### [PROBLEM STATEMENT]
Print the entries exactly; skip the pictures.

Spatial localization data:
..............................

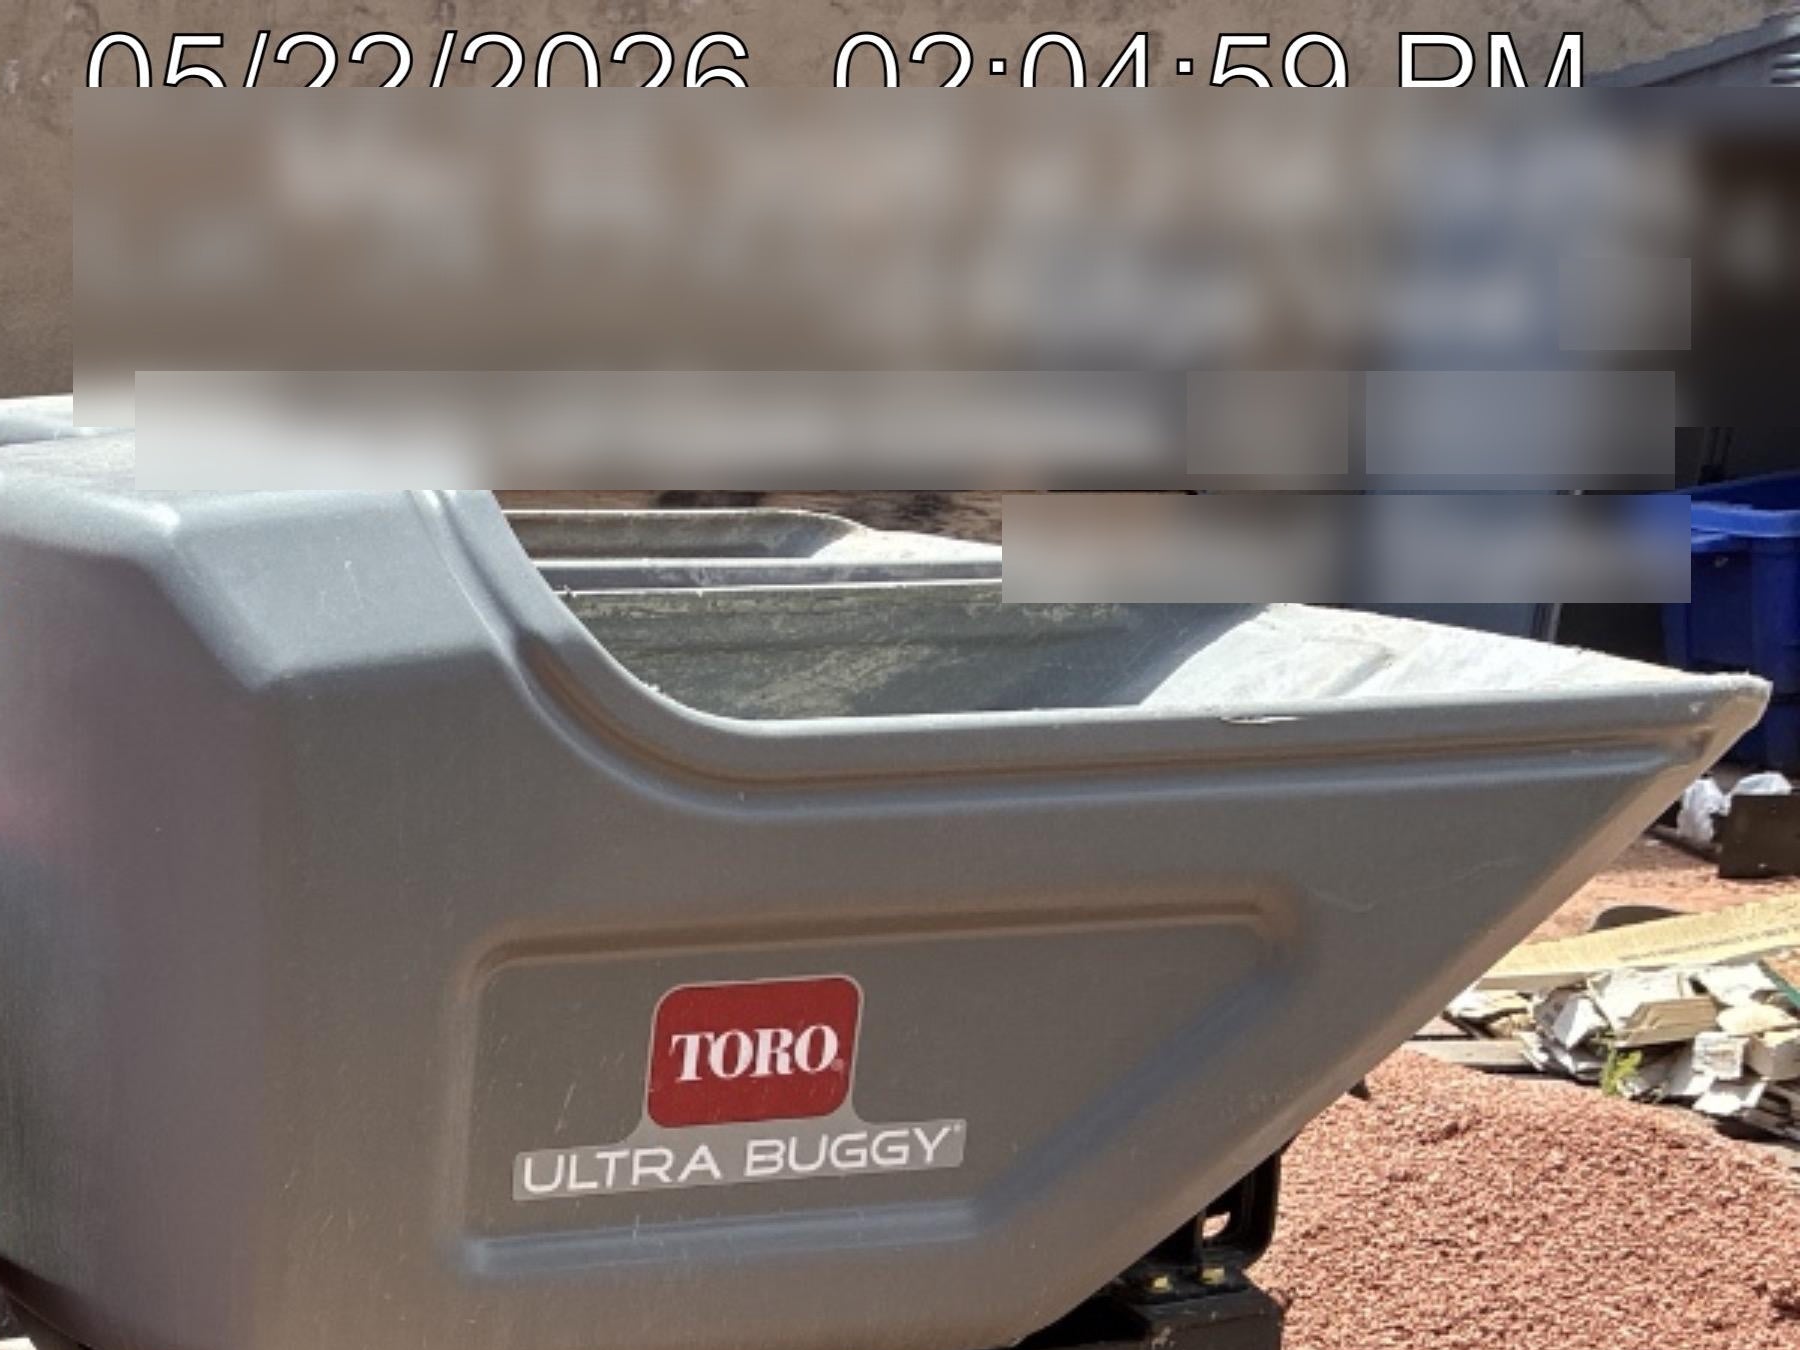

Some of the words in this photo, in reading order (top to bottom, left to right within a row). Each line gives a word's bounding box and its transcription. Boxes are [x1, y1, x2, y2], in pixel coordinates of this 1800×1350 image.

[669, 1024, 840, 1083] TORO
[523, 1144, 722, 1194] ULTRA
[743, 1126, 950, 1178] BUGGY
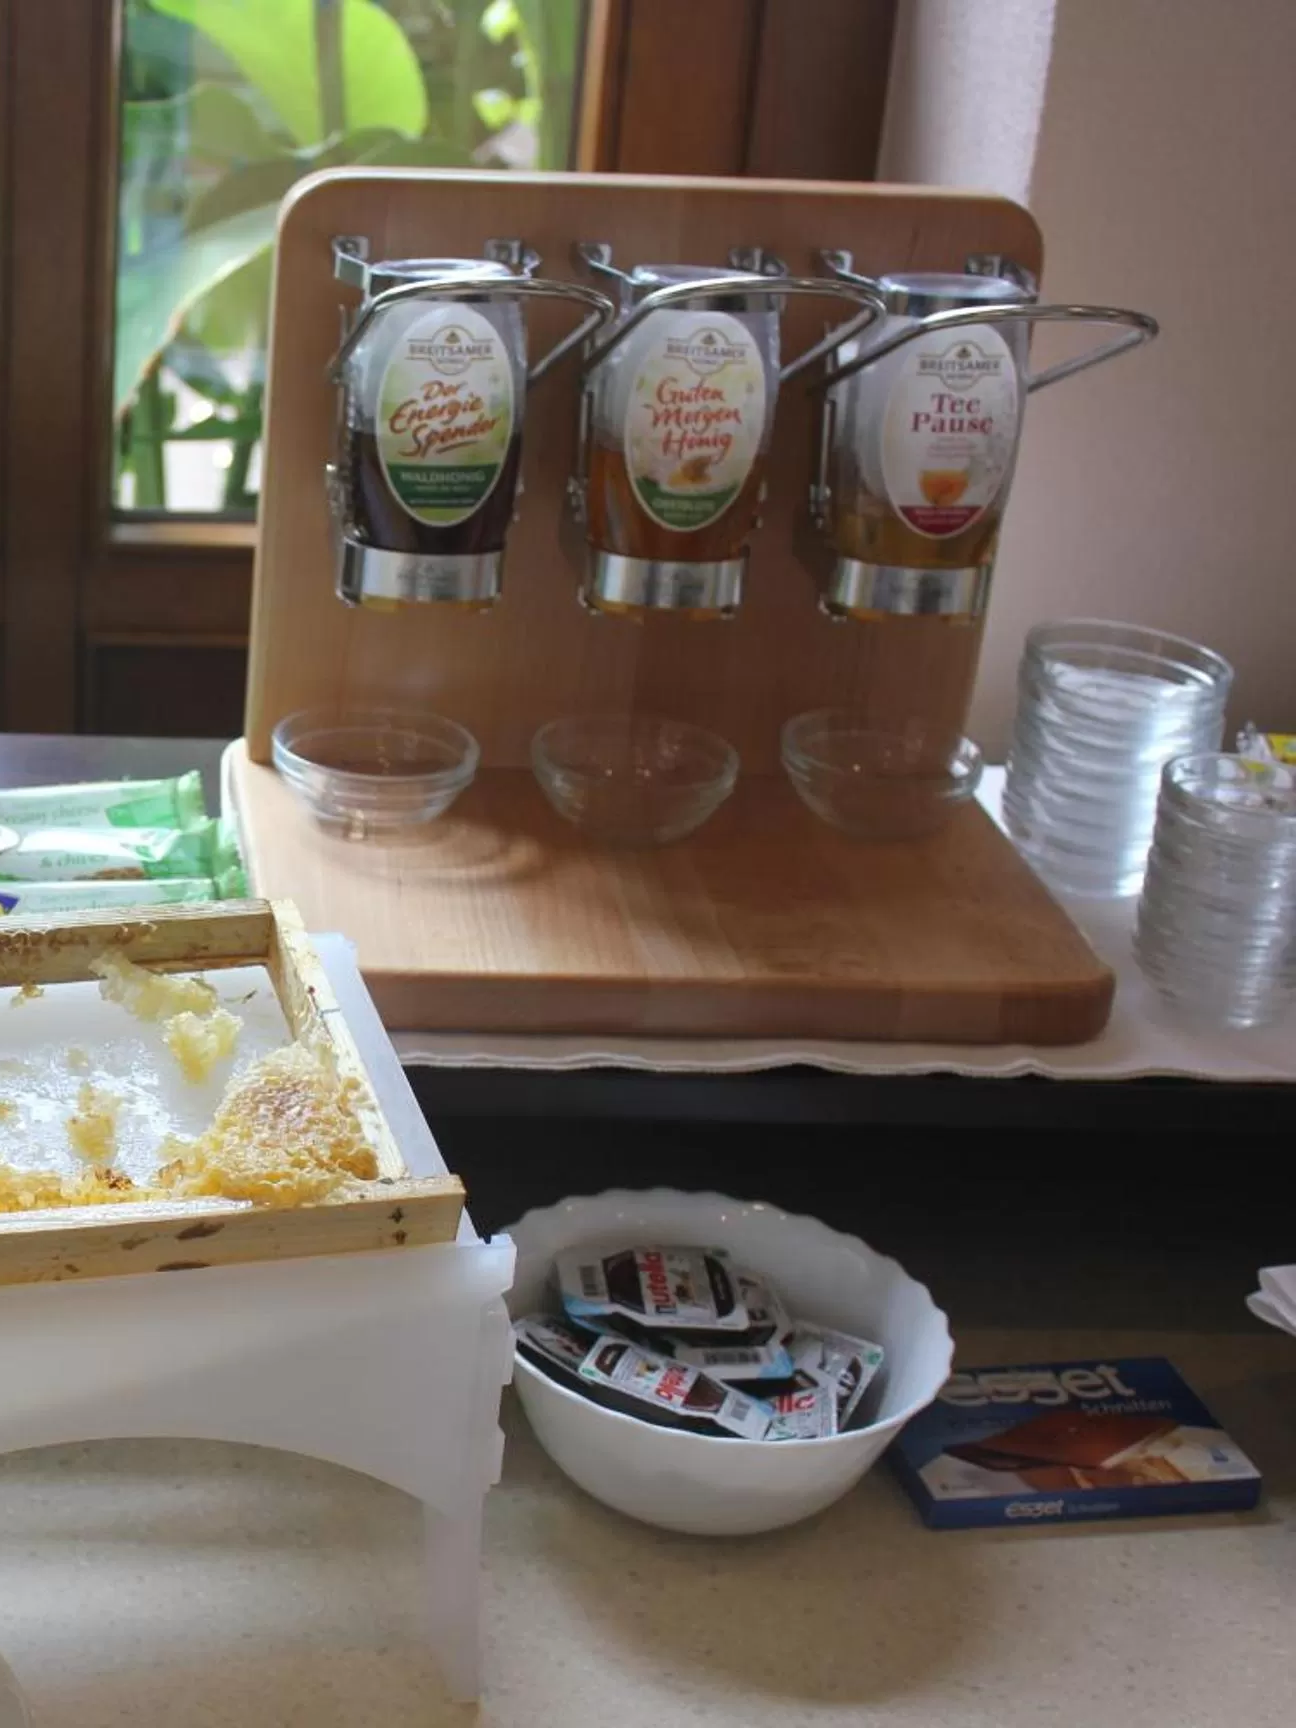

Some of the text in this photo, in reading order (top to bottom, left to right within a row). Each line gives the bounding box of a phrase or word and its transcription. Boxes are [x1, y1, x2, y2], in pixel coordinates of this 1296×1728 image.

[656, 376, 725, 404] Guten
[931, 393, 981, 414] Tee
[641, 404, 743, 434] Morgen
[911, 411, 994, 435] Pause
[662, 428, 733, 463] Honig
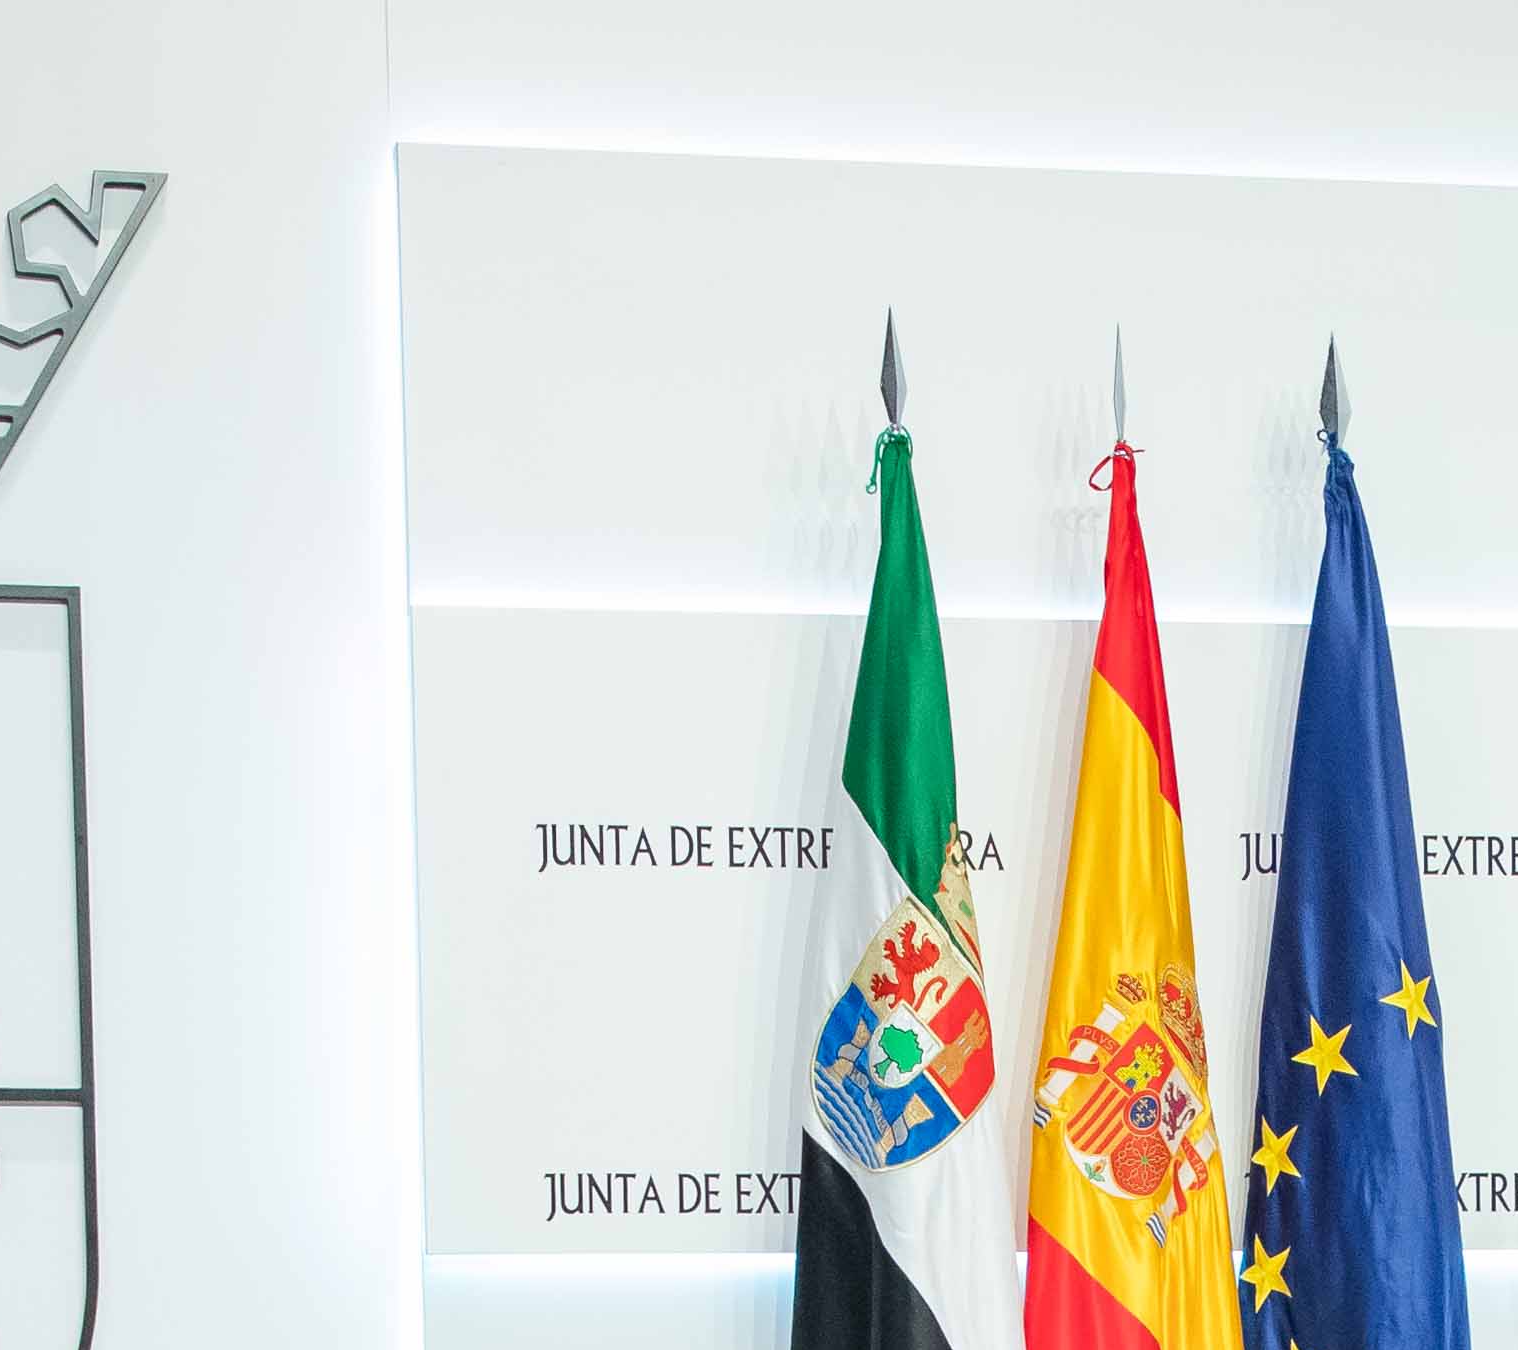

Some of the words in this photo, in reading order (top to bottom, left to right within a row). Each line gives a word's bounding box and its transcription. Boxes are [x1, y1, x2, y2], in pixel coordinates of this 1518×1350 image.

[536, 823, 657, 873] JUNTA
[670, 826, 714, 868] DE
[728, 826, 1005, 870] EXTRERA
[544, 1173, 665, 1222] JUNTA
[678, 1173, 721, 1214] DE
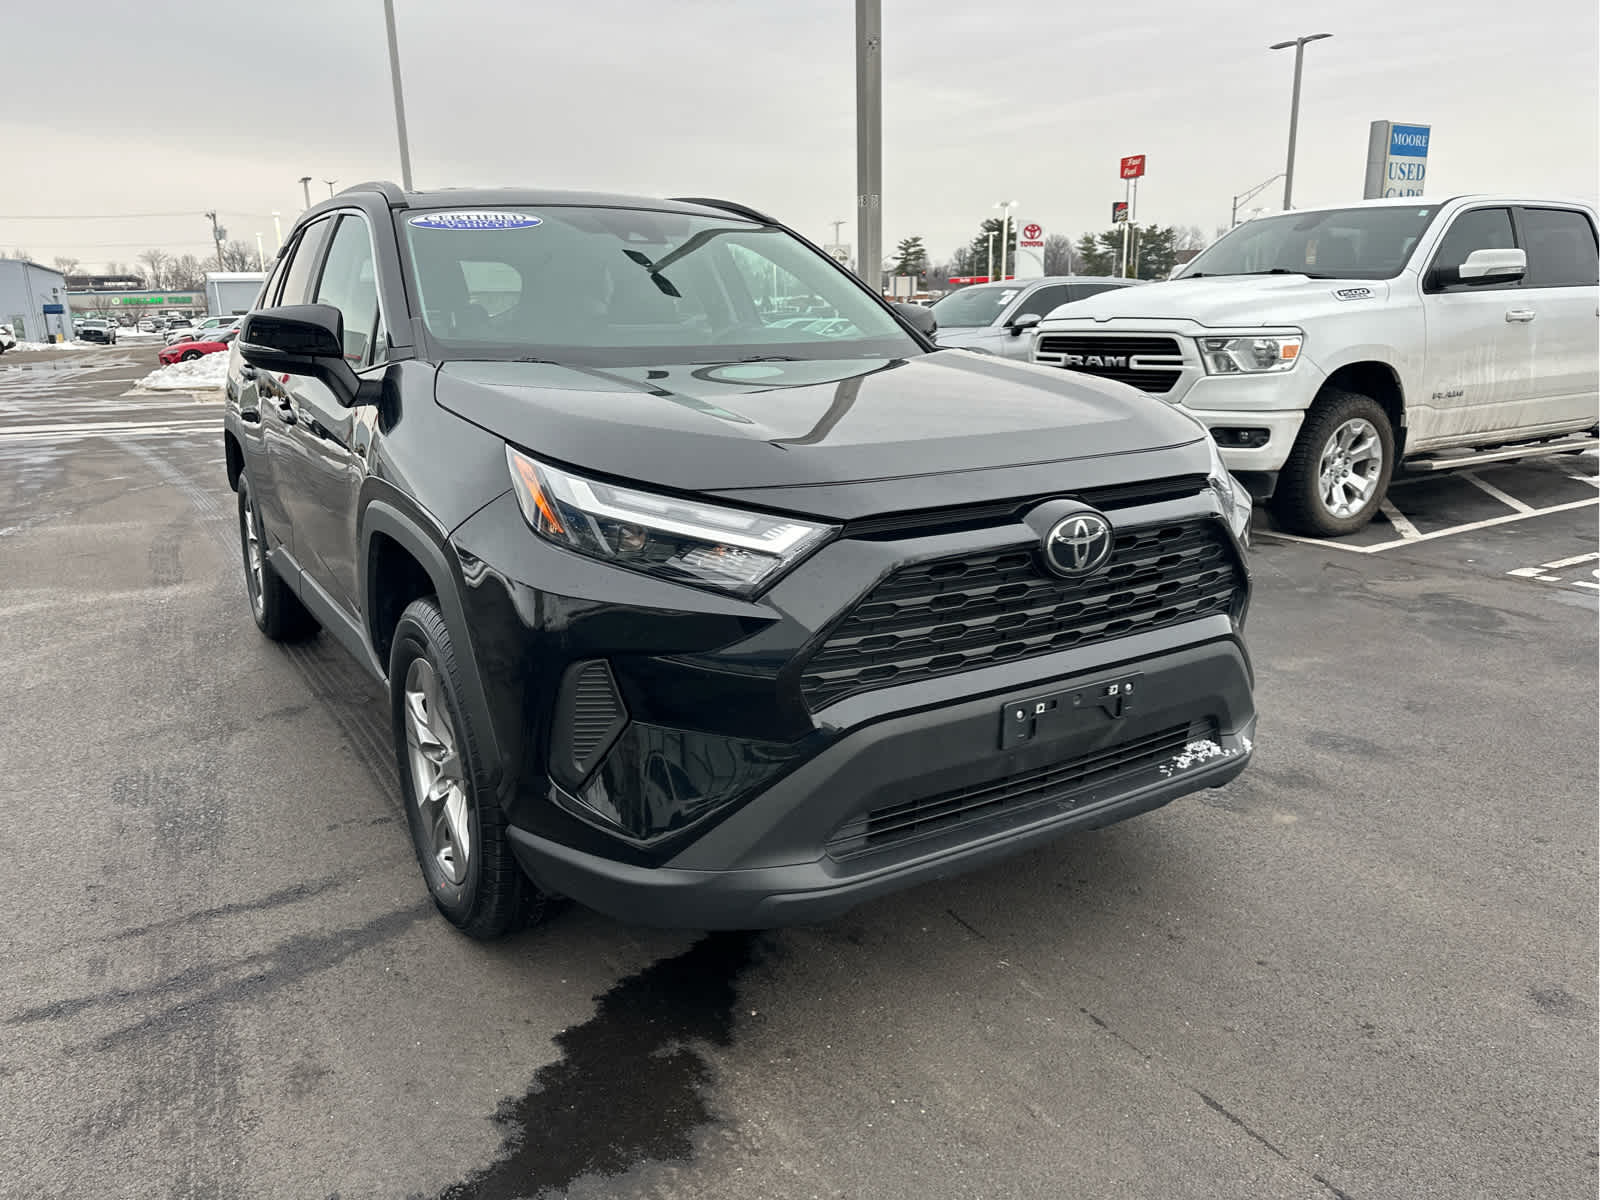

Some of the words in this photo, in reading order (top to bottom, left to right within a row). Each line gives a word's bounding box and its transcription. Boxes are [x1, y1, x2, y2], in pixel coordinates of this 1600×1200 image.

[1392, 133, 1428, 147] MOORE
[1389, 162, 1426, 181] USED
[1064, 354, 1127, 367] RAM

..............................

### [COMPLETED EXERCISE]
Some of the words in this photo, in reading order (top to bottom, left to right within a row). Each line gives a word's bounding box and its transcription. Boxes are [x1, y1, x2, y2], in pixel coordinates of this 1800×1350 image.

[669, 1024, 840, 1083] TORO
[523, 1144, 722, 1194] ULTRA
[743, 1126, 950, 1178] BUGGY

Some of the text in this photo, in reading order (top to bottom, left to right within a row). Each line gives the bounding box of a phrase or word and its transcription. Boxes are [x1, y1, x2, y2], in pixel coordinates of this 1296×1728 image.

[656, 376, 725, 404] Guten
[931, 393, 981, 414] Tee
[641, 404, 743, 434] Morgen
[911, 411, 994, 435] Pause
[662, 428, 733, 463] Honig

Some of the words in this photo, in reading order (top to bottom, left to right within a row). Each line gives a word's bounding box and its transcription. Boxes are [x1, y1, x2, y2], in pixel coordinates of this 1518×1350 image.

[536, 823, 657, 873] JUNTA
[670, 826, 714, 868] DE
[728, 826, 1005, 870] EXTRERA
[544, 1173, 665, 1222] JUNTA
[678, 1173, 721, 1214] DE

Some of the words in this photo, in reading order (top to bottom, left to right within a row). Each line gives a word's bounding box and its transcription. Boxes are [x1, y1, x2, y2], in pixel coordinates of this 1600×1200 image.

[1392, 133, 1428, 147] MOORE
[1389, 162, 1426, 181] USED
[1064, 354, 1127, 367] RAM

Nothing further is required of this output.